Scholars at institutions such as the Brookings Institution, the National Bureau of Economic Research, and the Urban Land Institute have documented job creation, private investment leverage, and downtown revitalization attributable to the credit in cities including Boston, Denver, and Cincinnati, while preservation outcomes have been championed by the National Trust for Historic Preservation and state agencies like the Ohio History Connection; projects financed by syndicators and insurers in collaboration with entities like the Federal Reserve Bank of New York have converted industrial sites like the Tobacco Warehouse District and former Armory complexes into mixed-use developments.

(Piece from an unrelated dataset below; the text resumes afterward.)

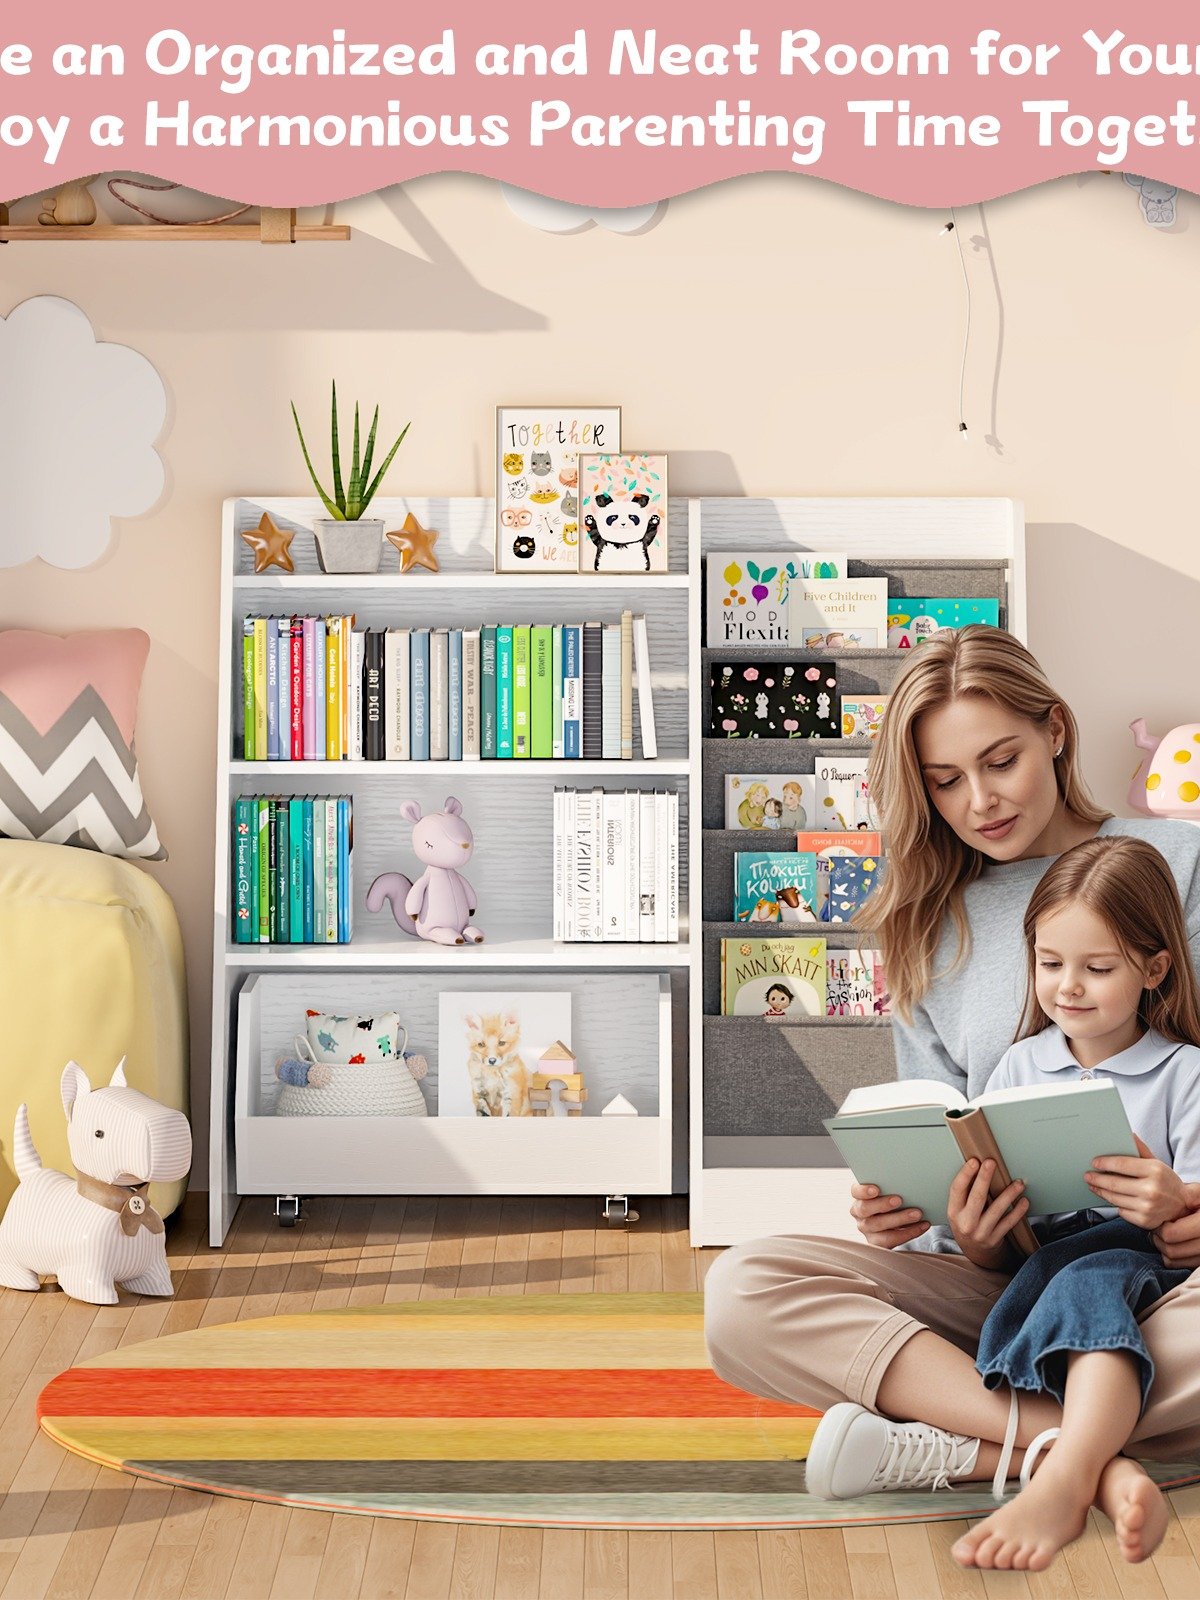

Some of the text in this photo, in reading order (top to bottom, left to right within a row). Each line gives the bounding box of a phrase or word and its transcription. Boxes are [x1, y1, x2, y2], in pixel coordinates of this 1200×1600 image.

Critiques published by analysts at the Government Accountability Office, the Tax Policy Center, and scholars at universities such as Harvard University and Yale University highlight concerns about fiscal cost, displacement in gentrifying neighborhoods like Bushwick and Harlem, and complexity favoring large developers represented by firms in Wall Street and partnership structures common to firms in Boston and Chicago; debates before the United States Congress and in media outlets involving reporters at the New York Times and Washington Post have addressed alleged misuse, subsidy capture, and distributional equity.
Many states operate complementary tax credit programs administered by state historic preservation offices such as the Maryland Historical Trust, the Georgia Department of Natural Resources Historic Preservation Division, and the Pennsylvania Historical and Museum Commission, with notable activity in states like New Jersey, Missouri, North Carolina, and Texas; local incentives in cities such as Portland, Cleveland, and St. Louis often integrate with federal credits and involve partnerships with economic development authorities like the New York City Economic Development Corporation and preservation trusts including the Historic Charleston Foundation.